Она машинально прикрыла грудь ладонью, но довольно легко ответила:
— Это не имеет значения. Они видят во мне что-то более интересное. А наши предки, судя по старым фрескам, ходили в полупрозрачных одеждах, как Ангелы.
— Не знаю, как предки, но наши современники утратили ангельскую чистоту. И, наверное, вам это хорошо известно.
— К тому же я здесь бываю давно, некоторых знаю с детства… Венедикт учился в художественной академии вместе с моей дочерью.
— Сколько же вам лет? — удивилась я, впрочем, довольно сдержанно.
Странный этот разговор пока не вышел из рамок приличия.
— Сорок шесть… — ответила она не очень охотно. А я-то предполагала, что ей лет двадцать восемь, и потому позволила себе говорить о ее одежде. Присмотревшись, я обнаружила, что волосы у нее крашеные, но все остальное сохранилось прекрасно.
— А сколько лет Венедикту?
— Двадцать девять.
Это была еще одна неожиданность. Я не думала о его возрасте, но почему-то исходила из впечатления, что мы с ним ровесники. Значит, лысеющий лоб и борода старили его на пятнадцать лет.
Разговор наш не смутил Лорелею, и я продолжила его. Там, в миру, указала я за край обрыва, тем более в актерской среде, эта одежда никого не удивила бы…
Она чуть повела бровями, как будто мое предположение ей не польстило.
— А здесь, — перебила она, — этого не заметят, потому что монахи святые.
Это был вздор, но я не могла на него не возразить.
— Человек вмещает всю дистанцию от животного до Бога, — говорила я. «Будьте совершенны, как Отец ваш Небесный» — в этом суть всех заповедей. Но это непомерно высоко, несоизмеримо с силами человеческими. Не было в мире более высокого идеала и более аристократической морали. Большинству людей христианство не по росту, и потому они говорят, что оно неосуществимо.
— А разве осуществимо? Кто может быть совершенным, как Отец Небесный? — спросила она с некоторой заинтересованностью.

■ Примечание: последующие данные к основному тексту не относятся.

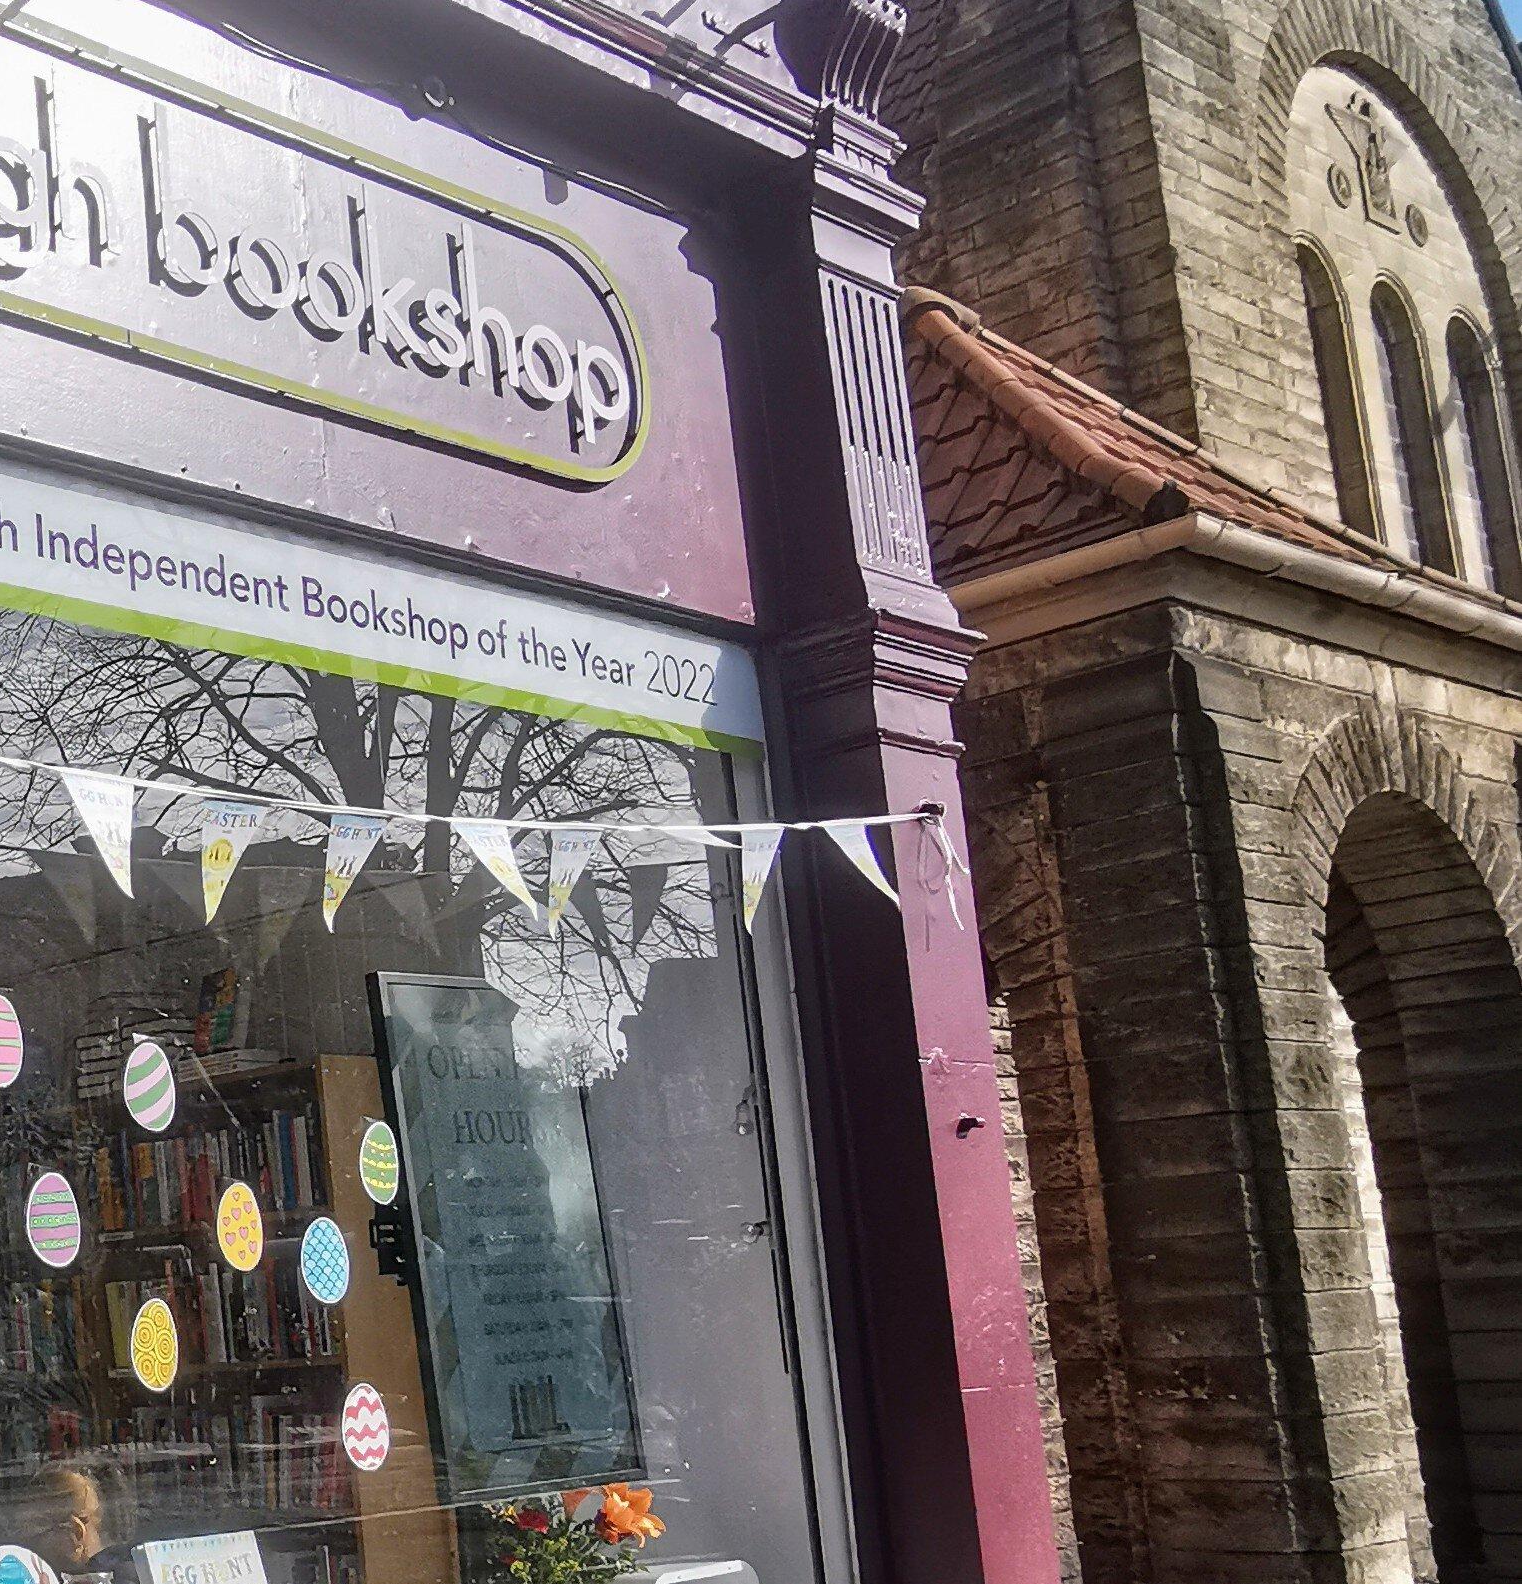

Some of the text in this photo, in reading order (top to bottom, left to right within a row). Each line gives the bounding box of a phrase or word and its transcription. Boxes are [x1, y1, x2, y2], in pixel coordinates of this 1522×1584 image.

[144, 103, 629, 445] bookshop
[36, 513, 288, 612] Independent
[301, 575, 469, 659] Bookshop
[477, 619, 508, 659] of
[517, 626, 567, 672] the
[572, 638, 635, 688] Year
[643, 650, 718, 706] 2022
[203, 808, 258, 828] EASTER
[351, 826, 382, 840] HNT
[452, 1106, 544, 1146] HOUR

— Даже ученики Христа изумлялись и спрашивали: «Кто же может спастись?» Он ответил, что человекам это невозможно, Богу же возможно все. Монашество и есть подвиг такого восхождения к совершенству Отца Небесного. И оно выходит за пределы человеческих сил, туда, где действует благодать.
— Вы их идеализируете… — Она приподняла ладонь останавливающим жестом. — Ни художником, ни актером нельзя стать, если нет искры Божьей. Каждый по-своему несет ее людям и служит добру, священник — с амвона, актер — со сцены, да у актера теперь и публики больше.
Все это я слышала много раз в кругу интеллигенции, называющей себя творческой. Разговор становился невозможным, так как шел на разных языках, и слова «добро», «истина» и «любовь» могли вмещать самые противоположные понятия.
Помню, один драматург рассказывал, что написал пьесу о Христе. Он не верил в Бога, но почему-то предполагал, что Бог и говорил его, драматурга, устами. Мне хотелось спросить: «Почему Бог? Почему не мелкий бес тщеславия?» Но это было бы невежливо. И в бесов драматург тем более не верил, хотя они и ближе к среде нашего обитания.
Даже при серьезных намерениях собеседников, исходящих из уверенности в том, что Бог есть, возможность понимания чаще всего исключается несоответствием представлений о том, что Он есть. Я и потратила последние пять-шесть лет только на то, чтобы узнать ответ на этот вопрос, приобщаясь к двухтысячелетней культуре христианства. И только выйдя на глубину, я обнаружила, насколько эта зона неведома для нас, современных интеллигентов, или, как говорил один критически мыслящий теперь за границей — писатель, «образованцев». Я поняла, что и неверие от неведения.
— Вы бываете в церкви когда-нибудь? — спрашиваю я Лорелею.
— Очень редко. Наша работа считается идеологической, и если увидят…
— Да, наверное, и потребности нет…
Она не возразила. Хотя часто отвечают, что нет времени.